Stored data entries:
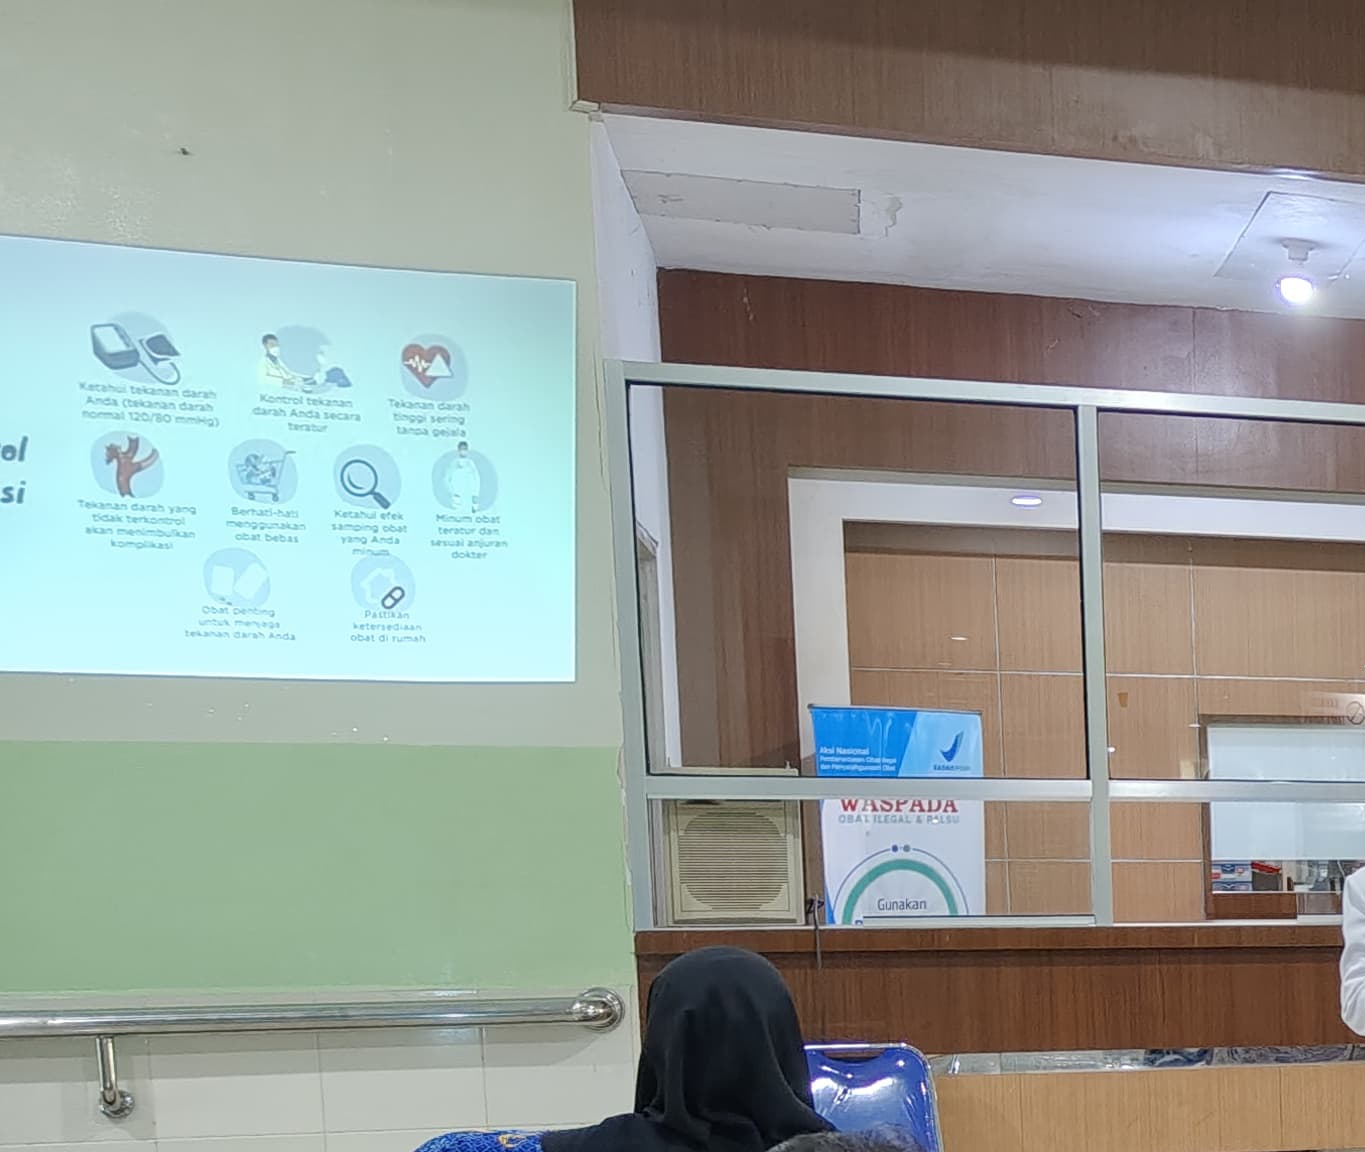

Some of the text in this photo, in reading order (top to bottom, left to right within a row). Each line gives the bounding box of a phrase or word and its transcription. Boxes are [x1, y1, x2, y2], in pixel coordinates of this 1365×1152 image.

[86, 395, 119, 406] Anda
[259, 394, 303, 406] Kontrol
[387, 398, 435, 410] Tekanan
[289, 408, 321, 420] Anda
[0, 435, 29, 462] ol
[840, 800, 959, 813] WASPADA
[838, 814, 870, 824] OBAT
[873, 814, 913, 825] ILEGAL
[877, 898, 928, 912] Gunakan

> **Assigned task**:
Every entry above is to be repeated word for word, with all pictures omitted.

> **Response for this exercise**:
Some of the text in this photo, in reading order (top to bottom, left to right within a row). Each line gives the bounding box of a phrase or word and its transcription. Boxes are [x1, y1, x2, y2], in pixel coordinates of this 1365×1152 image.

[86, 395, 119, 406] Anda
[259, 394, 303, 406] Kontrol
[387, 398, 435, 410] Tekanan
[289, 408, 321, 420] Anda
[0, 435, 29, 462] ol
[840, 800, 959, 813] WASPADA
[838, 814, 870, 824] OBAT
[873, 814, 913, 825] ILEGAL
[877, 898, 928, 912] Gunakan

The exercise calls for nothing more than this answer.